From cells and synapses to connectivity and cure in paediatric autoimmune encephalitis

Year of award: 2024

Grantholders

  • Dr Sukhvir Wright

    Aston University, United Kingdom

Project summary

Worldwide, one person every minute is diagnosed with encephalitis. An autoimmune cause is now as common as infectious (~27%). Autoimmune encephalitis (AE) patient outcomes remain static despite increasing recognition and earlier immunotherapy. Children are disproportionality poorly affected. My key goal in this CDA is to address the gap in our understanding why some acute AE symptoms resolve (e.g., seizures) but others become chronic (e.g., neuropsychiatric and sleep disorders), even when successfully treated at presentation. I have mapped acute AE symptoms in pre-clinical rodent models discovering convergence in pathophysiological autoantibody action at synaptic and circuit levels.
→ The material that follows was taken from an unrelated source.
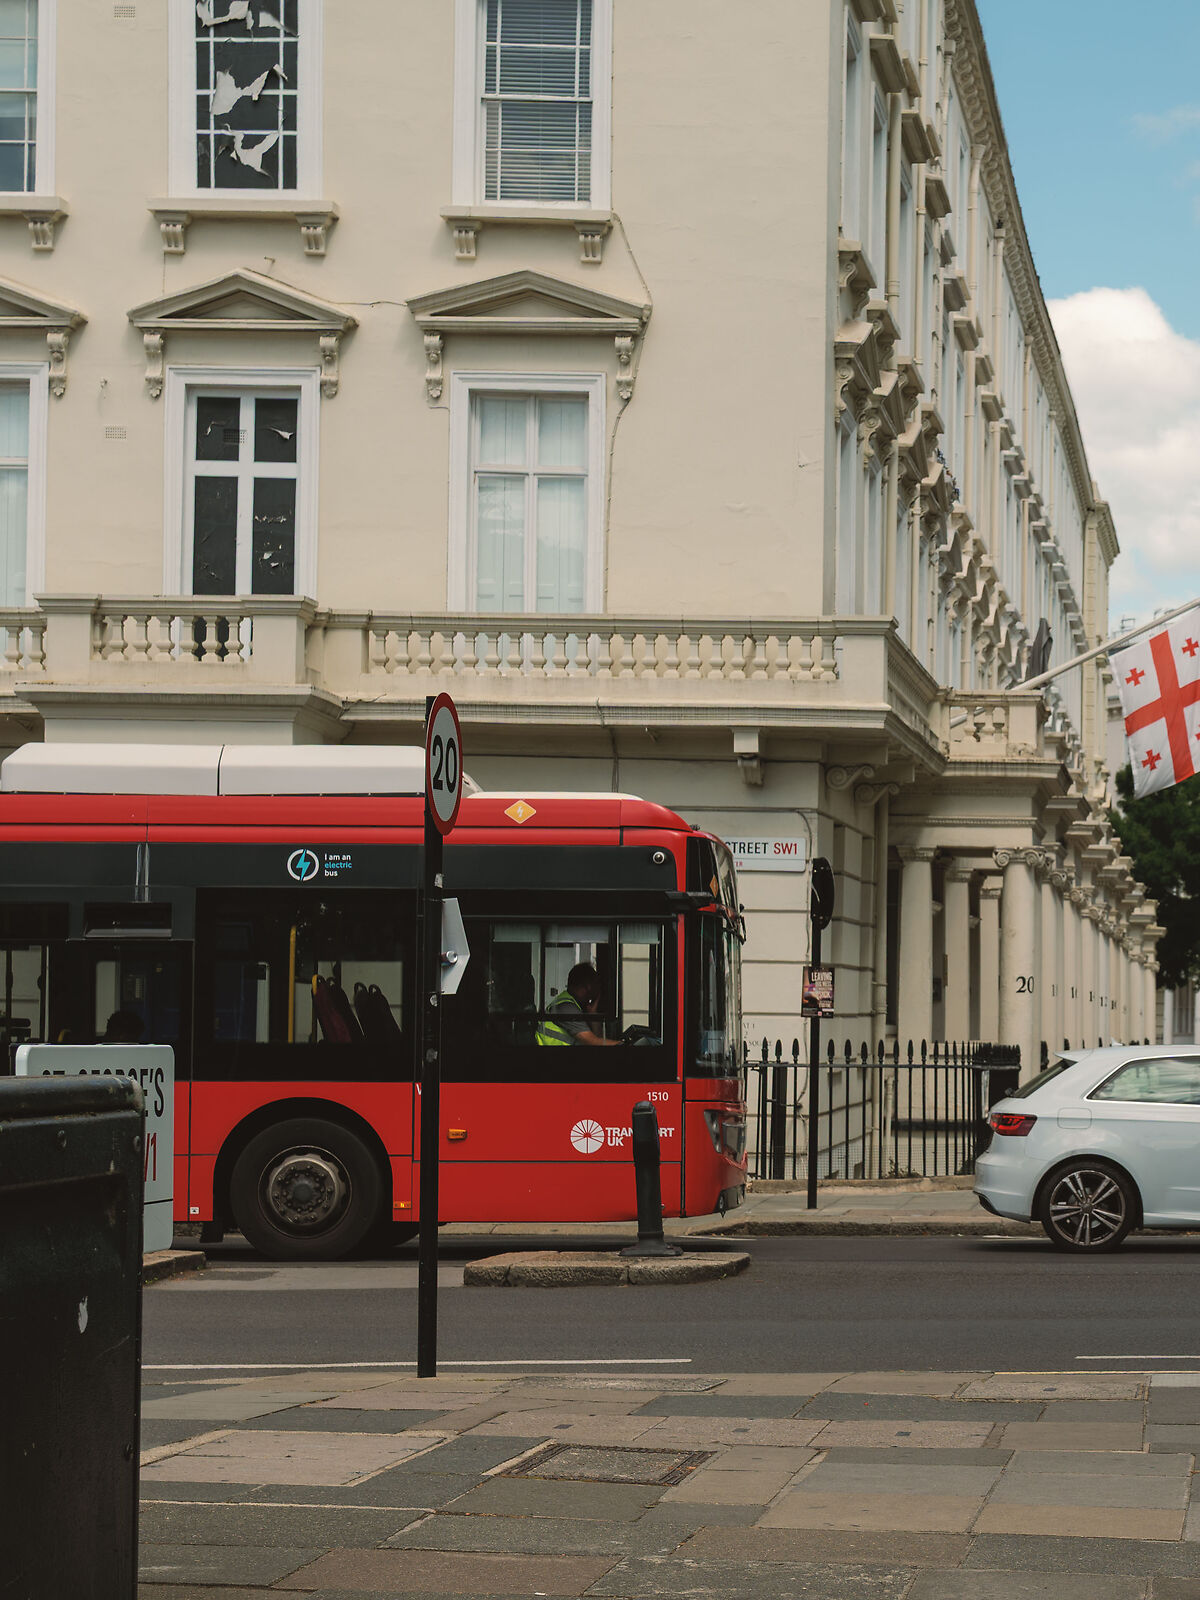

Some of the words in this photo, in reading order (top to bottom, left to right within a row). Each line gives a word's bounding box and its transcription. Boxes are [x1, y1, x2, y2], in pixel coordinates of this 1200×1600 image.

My preliminary clinical Magnetoencephalography (MEG) studies in long-term survivors of paediatric AE show distinct brain network changes that correlate with cognitive measures. My hypothesis: Paediatric AE causes distinct acute cellular and synaptic changes, disrupting neuro-immune crosstalk, resulting in persistent brain structural and network changes which underlie the chronic symptoms. In pre-clinical AE models, I will characterise the mechanisms underlying these chronic AE neurological symptoms (e.g., sleep and neuropsychiatric disorders) at cellular, synaptic, and network levels. In paediatric AE patients I will examine longitudinal brain network changes. Combining these cross-species data will identify common pathophysiological targets for therapeutic intervention to reduce morbidity and improve long-term outcomes.